- **Brief**
Nothing but the exact text of the entries should appear in your answer; pictures stay out.

___ Supplied material ___

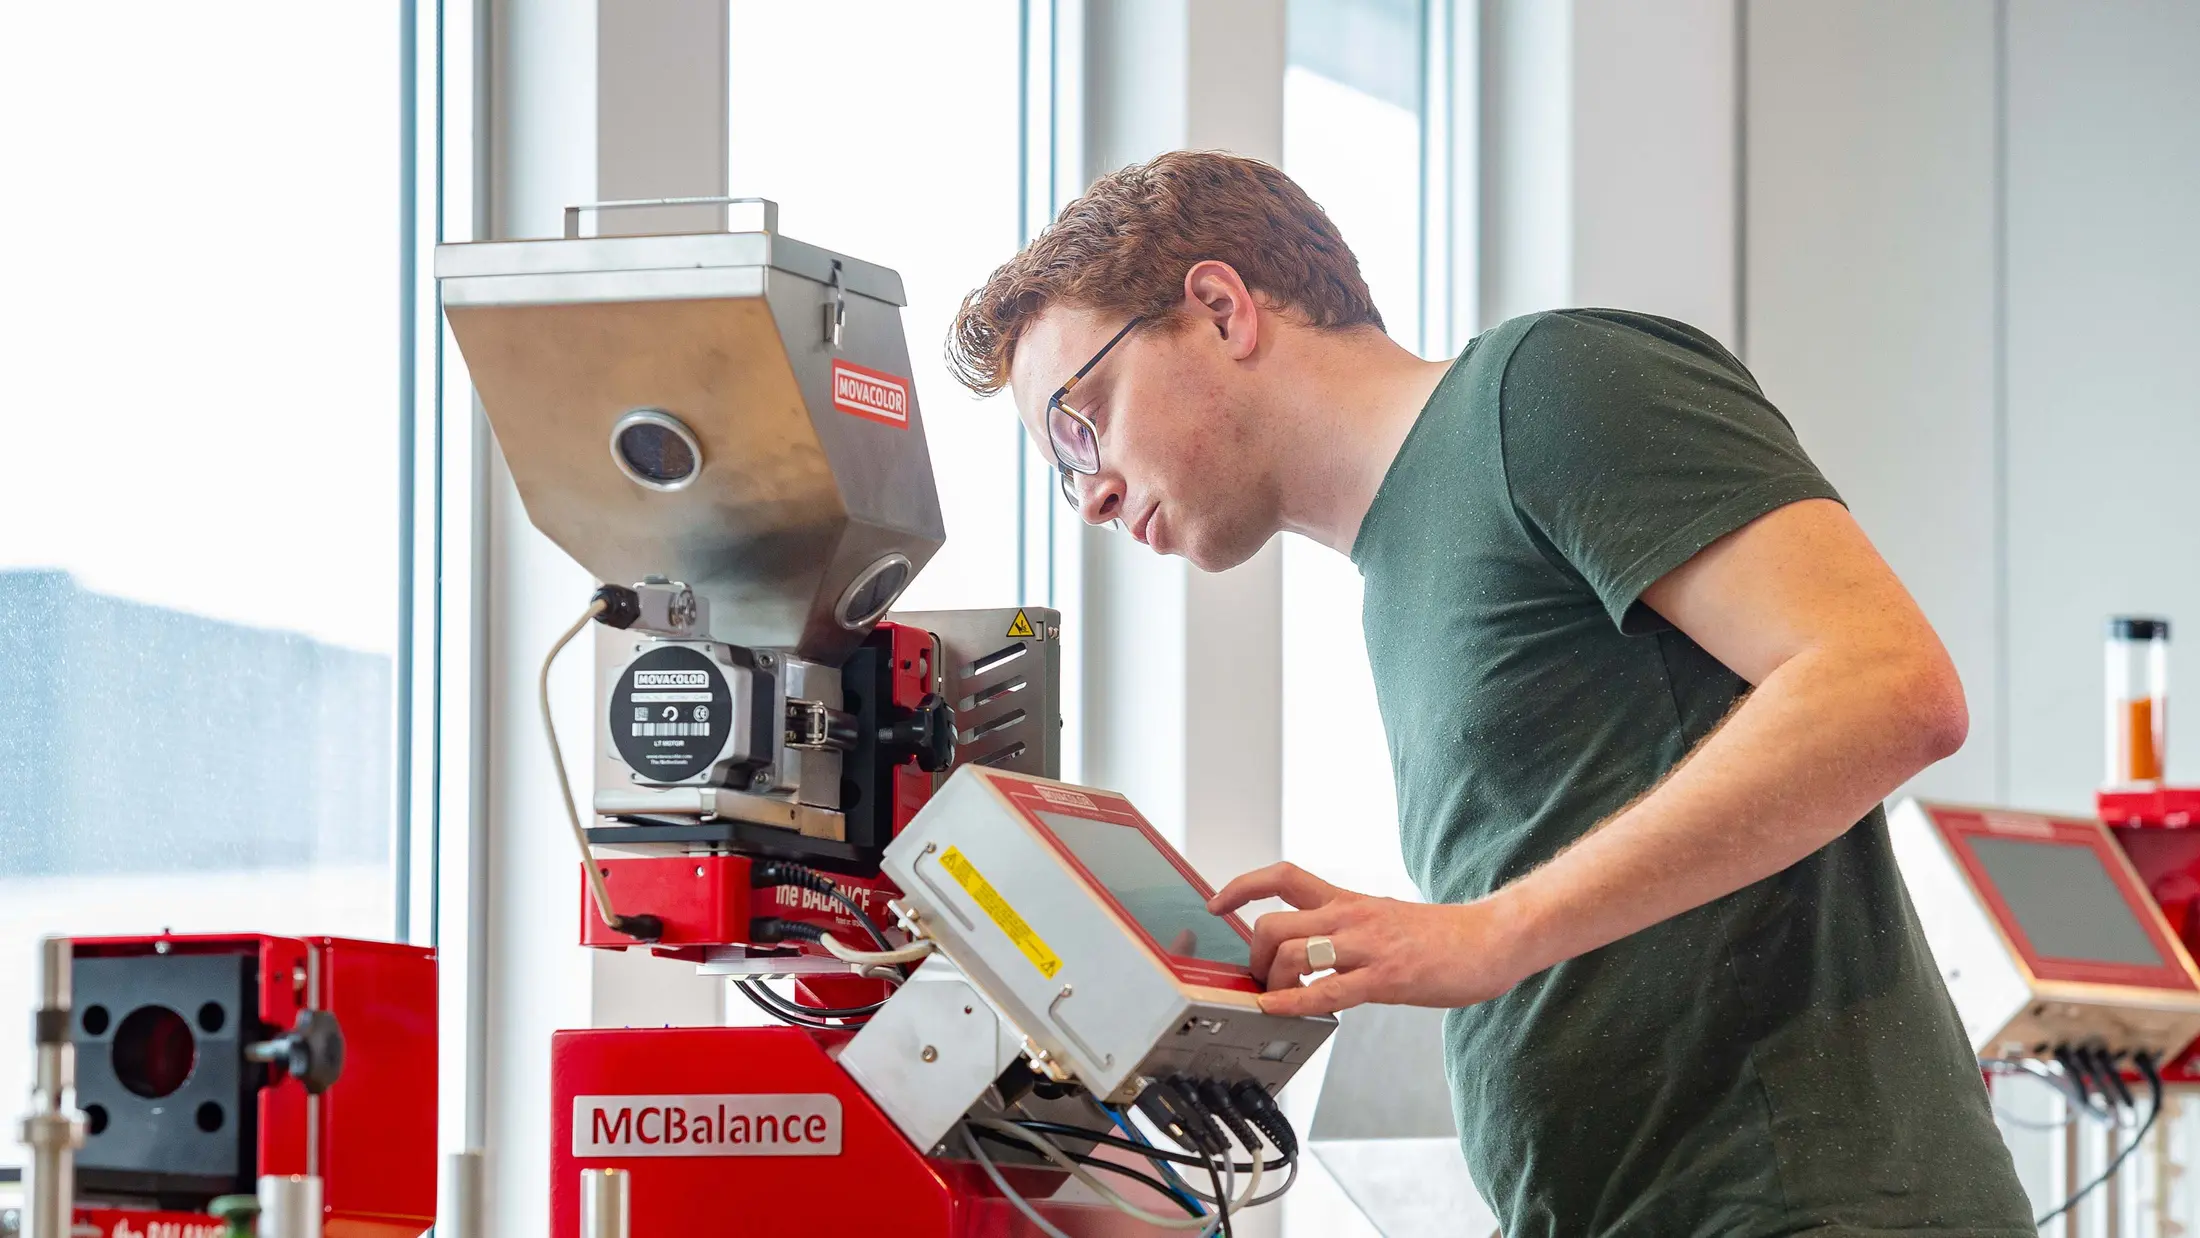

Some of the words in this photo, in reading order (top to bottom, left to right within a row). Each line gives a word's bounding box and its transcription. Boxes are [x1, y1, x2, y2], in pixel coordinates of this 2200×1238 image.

[839, 376, 902, 411] MOVACOLOR
[638, 674, 704, 685] MOVACOLOR
[592, 1104, 827, 1144] MCBalance
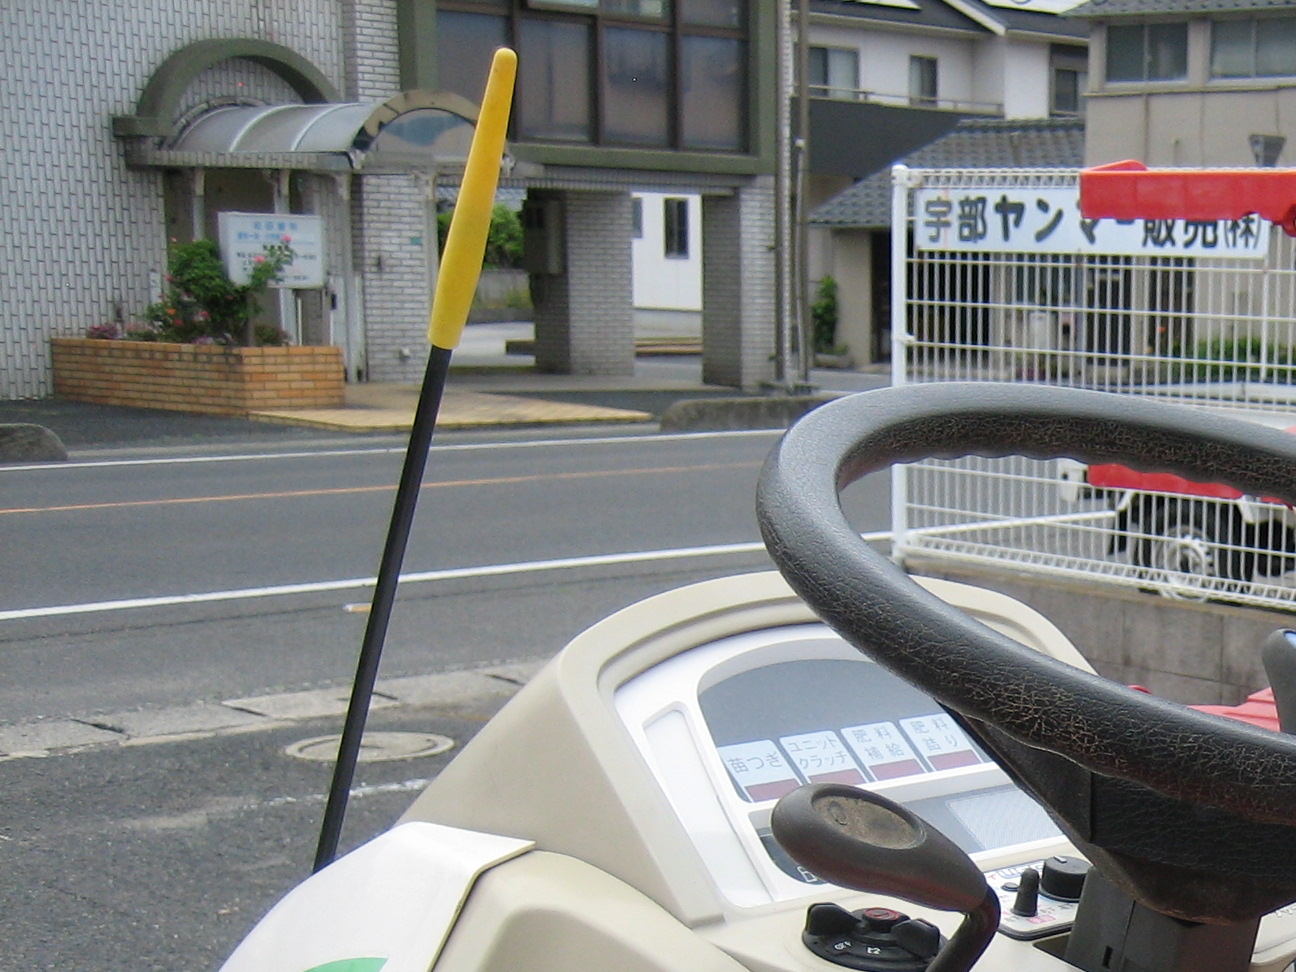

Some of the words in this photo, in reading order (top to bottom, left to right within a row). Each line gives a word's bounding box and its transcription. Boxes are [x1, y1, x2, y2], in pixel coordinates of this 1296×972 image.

___

- **Response to this task**
Some of the words in this photo, in reading order (top to bottom, left to right within a row). Each line gives a word's bounding box and its transcription. Boxes are [x1, y1, x2, y2], in pixel coordinates of this 2200×1238 image.

[839, 376, 902, 411] MOVACOLOR
[638, 674, 704, 685] MOVACOLOR
[592, 1104, 827, 1144] MCBalance

Some of the words in this photo, in reading order (top to bottom, left to right within a row). Each line gives a word's bounding box and its transcription. Boxes are [x1, y1, x2, y2], in pixel coordinates of this 1296×972 image.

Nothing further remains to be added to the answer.